After these preparations, we can now install Kafka. I have used the official tarball from the 2.13-2.4.1 release downloaded from this mirror URL. After unpacking the archive, we first need to adapt the configuration file server.properties. The item we need to change are

  • On each broker, we need to set a broker ID – again, I have used the last character of the hostname for this. Note that this implies that broker ID and ZooKeeper ID are the same, which is pure coincidence and not needed
  • The default configuration contains an unsecured (“PLAINTEXT”) listener on port 9092, to which we add an SSL listener on port 9093, using the IP of the public interface
  • The default configuration places the Kafka logs in /tmp, which is obviously not a good idea for anything but a simple test, as most Linux distributions clean up /tmp when you reboot. So we need to change this to point to a different directory
  • As we are running more than one node, it makes sense to change the replication settings for the internal topics
  • Finally, we need to adapt the ZooKeeper connection string so that all Kafka brokers connect to our ZooKeeper ensemble (and thus form a cluster, note that more or less by definition, a cluster in Kafka is simply a bunch of brokers that all connect to the same ZooKeeper ensemble).

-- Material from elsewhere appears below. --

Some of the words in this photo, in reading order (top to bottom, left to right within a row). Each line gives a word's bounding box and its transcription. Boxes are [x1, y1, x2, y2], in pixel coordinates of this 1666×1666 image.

Finally, it makes sense to add a systemd unit so that Kafka comes up again if you restart the machine.

Trying it out

After all this theory, we can now finally try this out. As mentioned above, I have prepared a set of Ansible scripts to set up virtual machines and install ZooKeeper and Kafka along the lines of the procedure described above. To run them, you will first have to install a few packages on your machine. Specifically, you need to install (if you have not done so yet) libvirt, Vagrant and Ansible, and install the libvirt Vagrant plugin. The instructions below work on Ubuntu Bionic, if you use a different Linux distribution, you might have to use slightly different package names and / or install the Vagrant libvirt plugin directly using the instructions here. Also, some of the packages (especially Java which we only need to be able to use the Java keytool) might already be present on your machine.

sudo apt-get update 
sudo apt-get install \
  libvirt-daemon \
  libvirt-clients \
  python3-pip \
  python3-libvirt \
  virt-manager \
  vagrant \
  vagrant-libvirt \
  git \
sudo adduser $(id -un) libvirt
sudo adduser $(id -un) kvm
pip3 install ansible lxml pyopenssl

Note that when installing Ansible as individual user as above, Ansible will be installed in ~/.local/bin, so make sure to add this to your path.

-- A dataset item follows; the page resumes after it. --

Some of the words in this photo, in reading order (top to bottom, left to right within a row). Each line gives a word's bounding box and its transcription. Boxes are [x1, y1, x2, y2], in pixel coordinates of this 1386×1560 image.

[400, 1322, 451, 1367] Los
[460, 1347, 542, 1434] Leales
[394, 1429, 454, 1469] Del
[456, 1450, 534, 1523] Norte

Next, clone my repository, change into the created directory, use virsh and vagrant up to start the network and the virtual machines and then run Ansible to install ZooKeeper and Kafka.

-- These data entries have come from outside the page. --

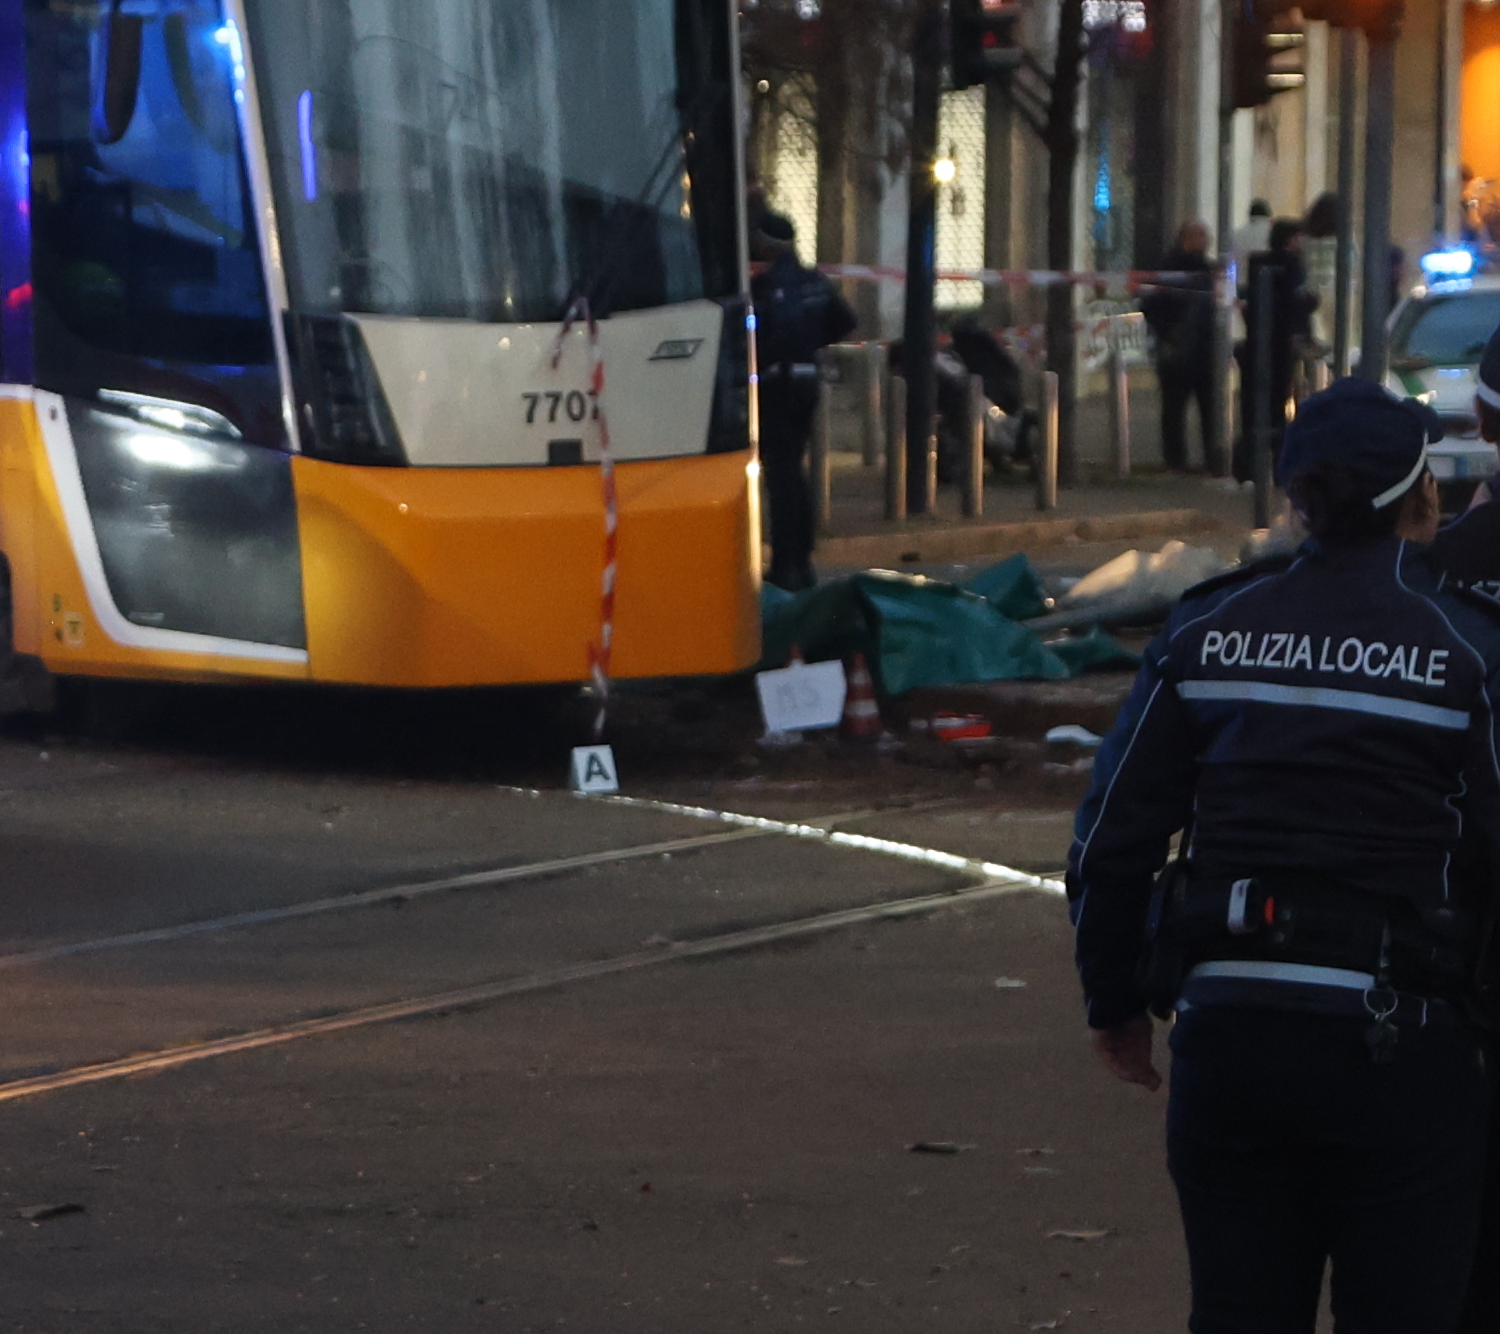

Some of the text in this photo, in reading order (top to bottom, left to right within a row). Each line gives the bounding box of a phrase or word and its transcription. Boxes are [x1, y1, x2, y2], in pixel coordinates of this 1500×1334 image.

[1200, 629, 1450, 688] POLIZIA LOCALE
[585, 752, 612, 783] A
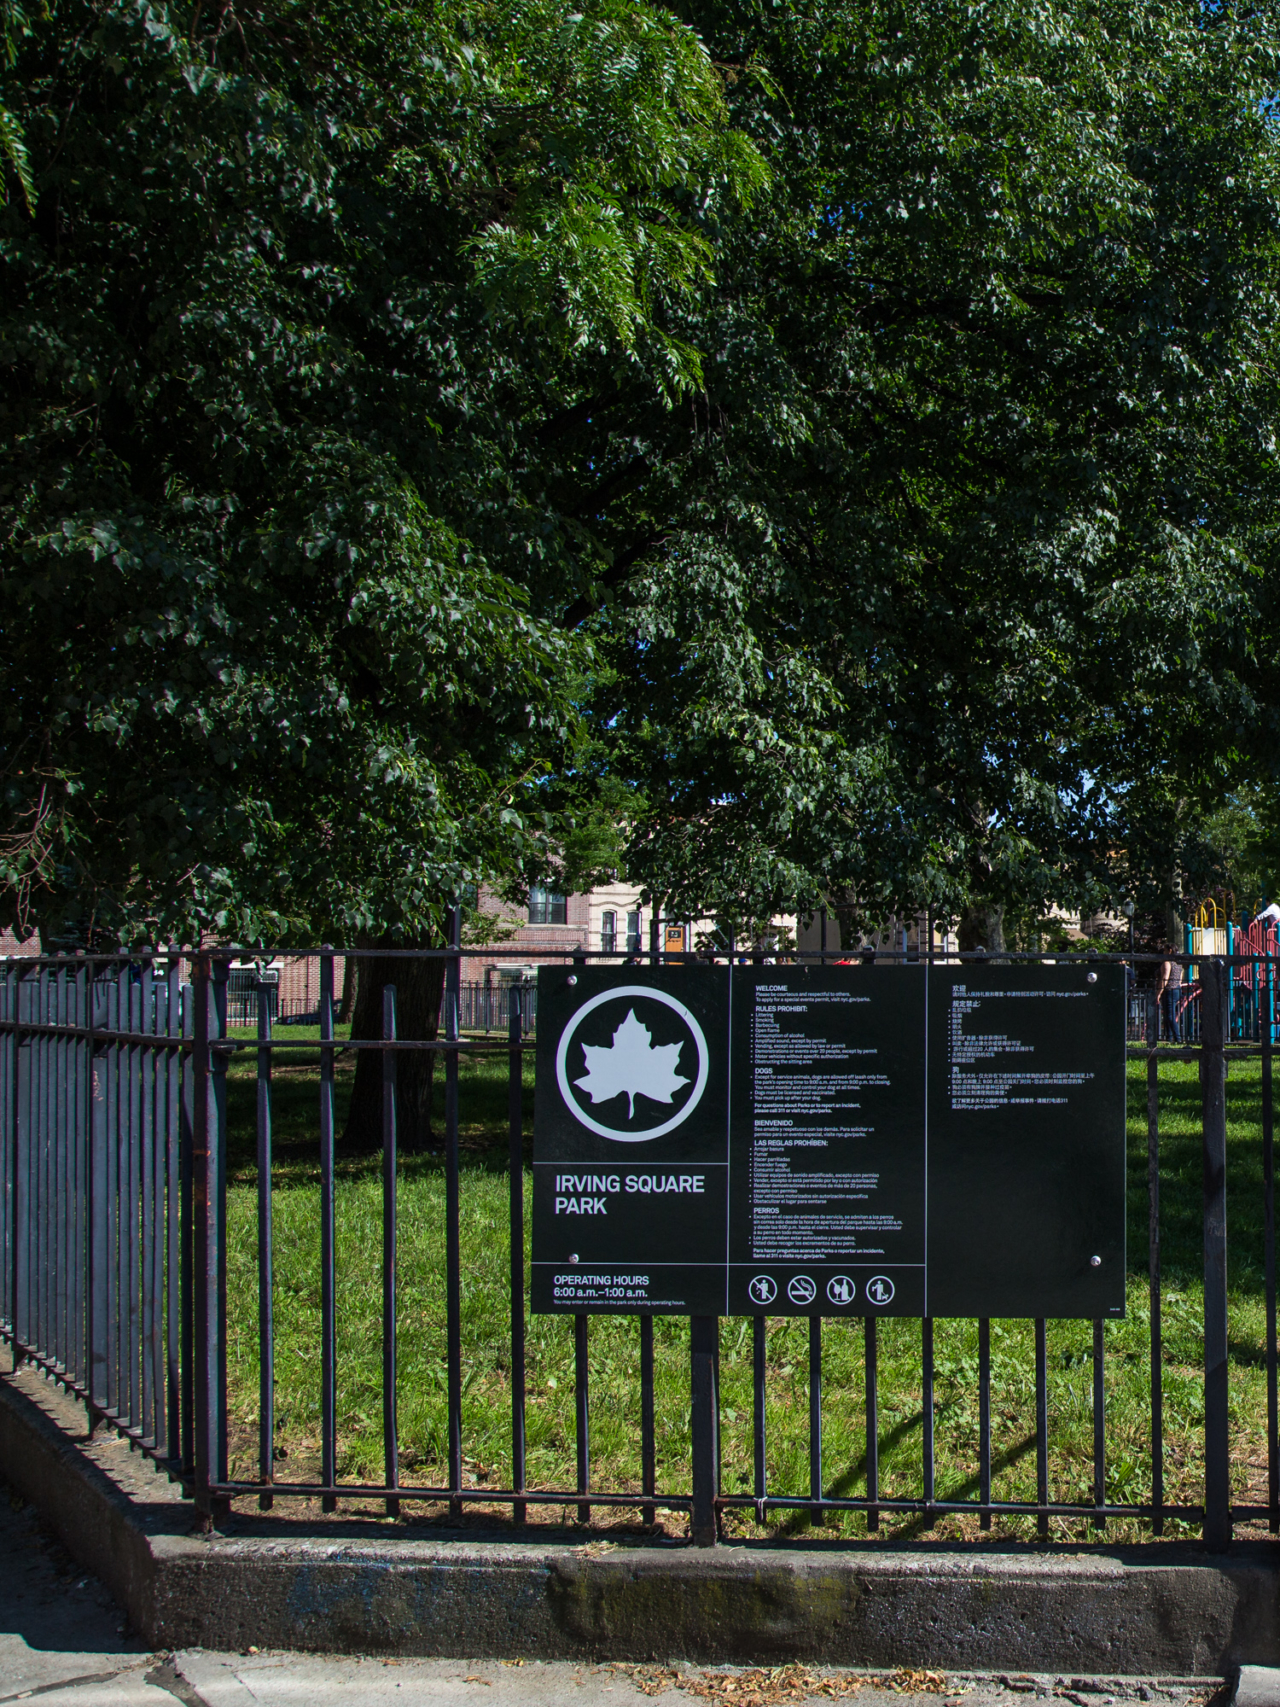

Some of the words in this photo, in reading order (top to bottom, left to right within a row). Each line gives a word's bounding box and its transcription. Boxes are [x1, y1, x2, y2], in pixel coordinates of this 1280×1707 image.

[754, 1138, 766, 1146] LAS
[768, 1138, 793, 1146] REGLAS
[794, 1138, 828, 1146] PROHÍBEN:
[555, 1175, 620, 1192] IRVING
[625, 1175, 705, 1193] SQUARE
[555, 1197, 607, 1214] PARK
[554, 1275, 611, 1285] OPERATING
[613, 1276, 649, 1285] HOURS
[554, 1288, 575, 1297] 6:00
[577, 1288, 624, 1297] a.m.–1:00
[626, 1288, 648, 1297] a.m.

git clone https://github.com/christianb93/kafka.git
cd kafka
virsh net-define kafka-private-network.xml
wget http://mirror.cc.columbia.edu/pub/software/apache/kafka/2.4.1/kafka_2.13-2.4.1.tgz
tar xvf kafka_2.13-2.4.1.tgz
mv kafka_2.13-2.4.1 kafka
vagrant up
ansible-playbook site.yaml

Once the installation completes, it is time to run a few checks. First, let us verify that the ZooKeeper is running correctly on each node. For that purpose, SSH into the first node using vagrant ssh broker1 and run

/usr/share/zookeeper/bin/zkServer.sh status

This should print out the configuration file used by ZooKeeper as well as the mode the node is in (follower or leader).

Now let us see whether Kafka is running on each node. First, of course, you should check the status using systemctl status kafka. Then, we can see whether all brokers have registered themselves with ZooKeeper. To do this, run

sudo /usr/share/zookeeper/bin/zkCli.sh \
  -server broker1:2181 \
  ls /brokers/ids

on any of the broker nodes. You should get a list with the broker ids of the cluster, i.e. “[1,2,3]”. Finally, we can try to create a topic.

/opt/kafka/kafka_2.13-2.4.1/bin/kafka-topics.sh \
  --create \
  --bootstrap-server broker1:9092 \
  --replication-factor 3 \
  --partitions 2 \
  --topic test

Congratulations, you are now proud owner of a working three-node Kafka cluster. Having this in place, we are now ready to dive deeper into producing Kafka data, which will be the topic of our next post.

Learning Kafka with Python – the basics

More or less by accident, I recently took a closer look at Kafka, trying to understand how it is installed, how it works and how the Python API can be used to write Kafka applications with Python. So I decided its time to create a series of blog posts on Kafka to document my learnings and to (hopefully) give you a quick start if you plan to get to know Kafka in a bit more detail. Today, we take a first look at Kafkas architecture before describing the installation in the next post.

What is Kafka?

Kafka is a system for the distributed processing of messages and streams which is maintained as Open Source by the Apache Software foundation. Initially, Kafka was develop by LinkedIn and open-sourced in 2011. Kafka lets applications store data in streams (comparable to a message queue, more on that later), retrieve data from streams and process data in streams.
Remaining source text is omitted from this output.